HyperLogLog: How Big Tech Counts Billions with Kilobytes
How does Google count 3 billion daily active users across Search, YouTube, and Gmail? How does Netflix know exactly how many unique accounts watched Squid Game in its first week? The naive answer — "just keep a set of user IDs" — falls apart at scale.
The difference between theory and practice is that in theory, there is no difference between theory and practice.
This article tells the story of HyperLogLog through the lens of the companies that bet their analytics infrastructure on it.
The $16 Billion Memory Problem
Consider the problem: you're an engineer at Google, and you need to count unique daily users. You have 3 billion users, each with a 128-bit UUID.
That's 48 GB of RAM — per counter. Now multiply by every dimension you want to track: unique users per country, per product, per feature flag.

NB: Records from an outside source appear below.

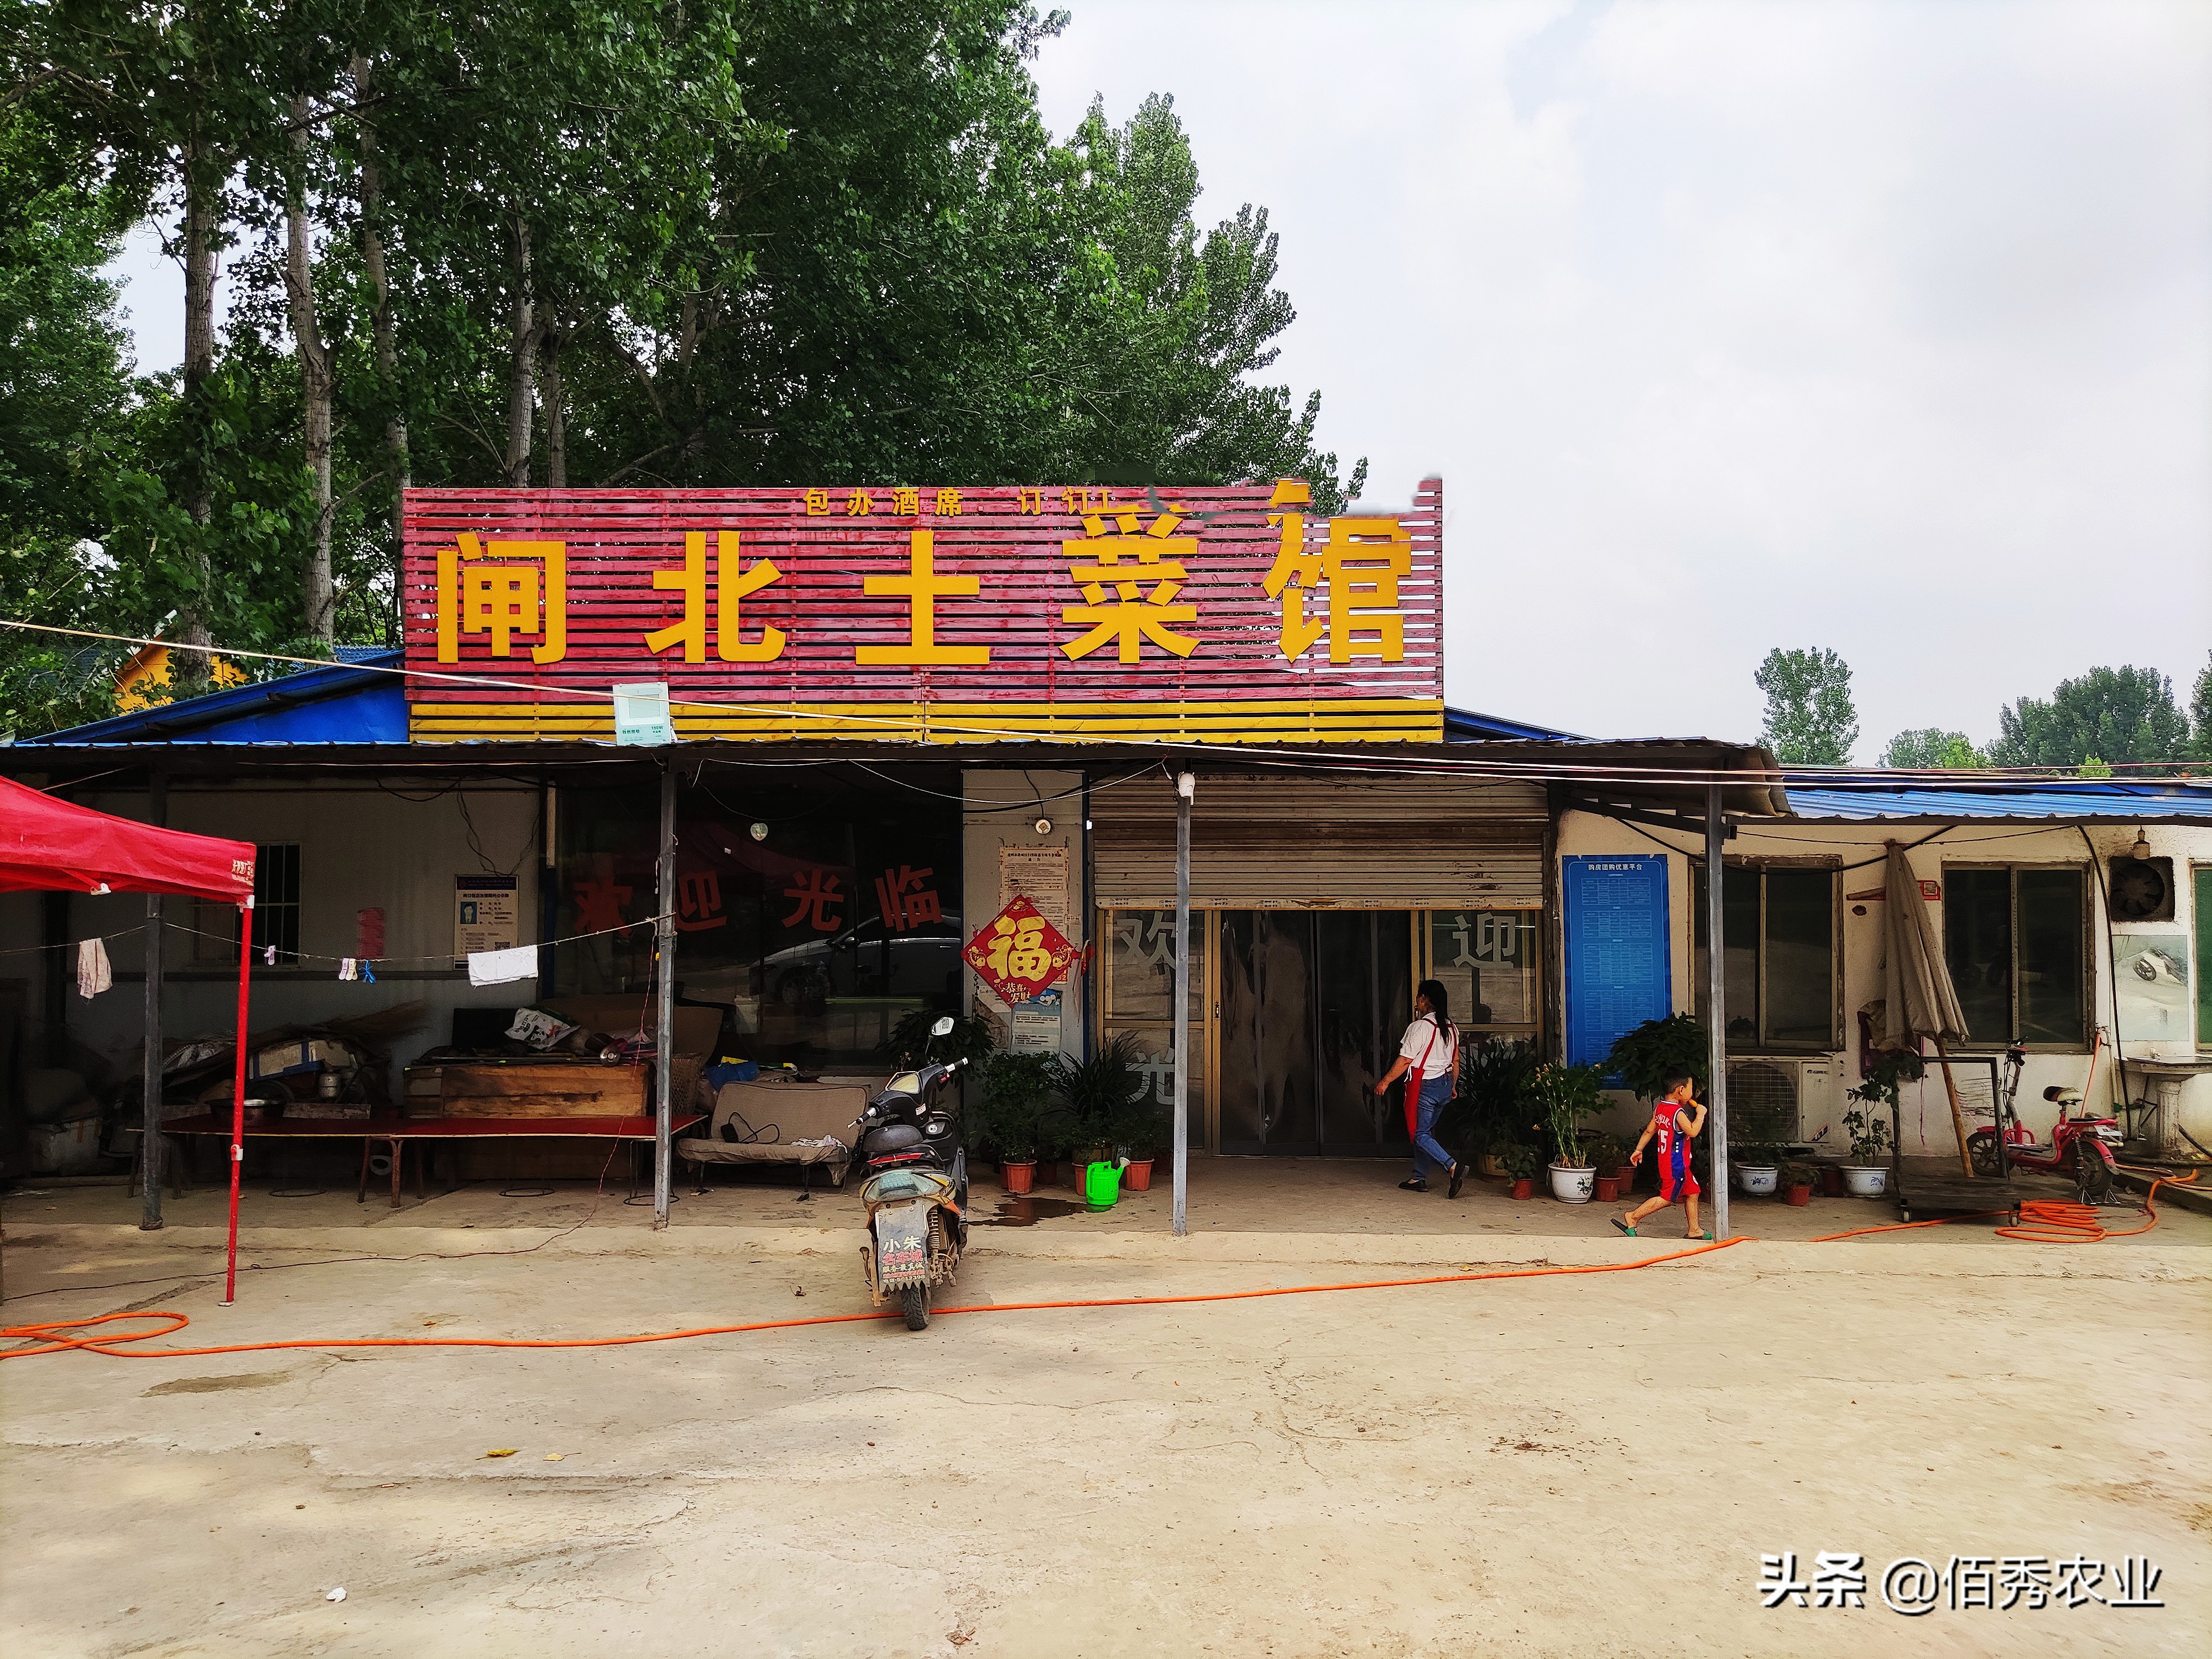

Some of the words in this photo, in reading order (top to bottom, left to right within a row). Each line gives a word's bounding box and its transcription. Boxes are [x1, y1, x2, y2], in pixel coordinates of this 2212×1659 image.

[802, 488, 964, 517] 包办酒席
[437, 477, 1412, 665] 闸北土菜馆
[573, 864, 942, 937] 欢迎光临
[987, 914, 1052, 982] 福
[1118, 911, 1176, 975] 欢
[1452, 912, 1516, 969] 迎
[1005, 982, 1024, 993] 恭喜
[1010, 991, 1031, 1002] 发财
[883, 1235, 922, 1253] 小朱
[883, 1249, 924, 1265] 名车城

You'd need petabytes of RAM just for counting.
The breakthrough insight: what if we could trade 2% accuracy for 99.9999% memory reduction?
Case Study 1: Google BigQuery — 93% Cost Reduction
In 2023, a data analytics company documented their migration from COUNT(DISTINCT) to HyperLogLog in BigQuery. The results were staggering:
| Metric | Before HLL | After HLL |
|---|---|---|
| Query Cost | $X | 0.07X (93% reduction) |
| Data Scanned | 6.5 TB | 16.25 GB |
| Query Time | Hours | Seconds |
The transformation was simple. Instead of:
SELECT COUNT(DISTINCT user_id)
FROM events
WHERE date BETWEEN '2023-01-01' AND '2023-12-31';
They pre-computed daily HLL sketches:
-- Daily sketch creation
SELECT
date,
HLL_COUNT.INIT(user_id) AS user_sketch
FROM events
GROUP BY date;
-- Query any date range by merging sketches
SELECT HLL_COUNT.EXTRACT(
HLL_COUNT.MERGE(user_sketch)
) AS unique_users
FROM daily_sketches
WHERE date BETWEEN '2023-01-01' AND '2023-12-31';
The key insight: HLL sketches are mergeable. You can compute daily sketches cheaply, then combine them for any arbitrary date range without re-scanning raw data.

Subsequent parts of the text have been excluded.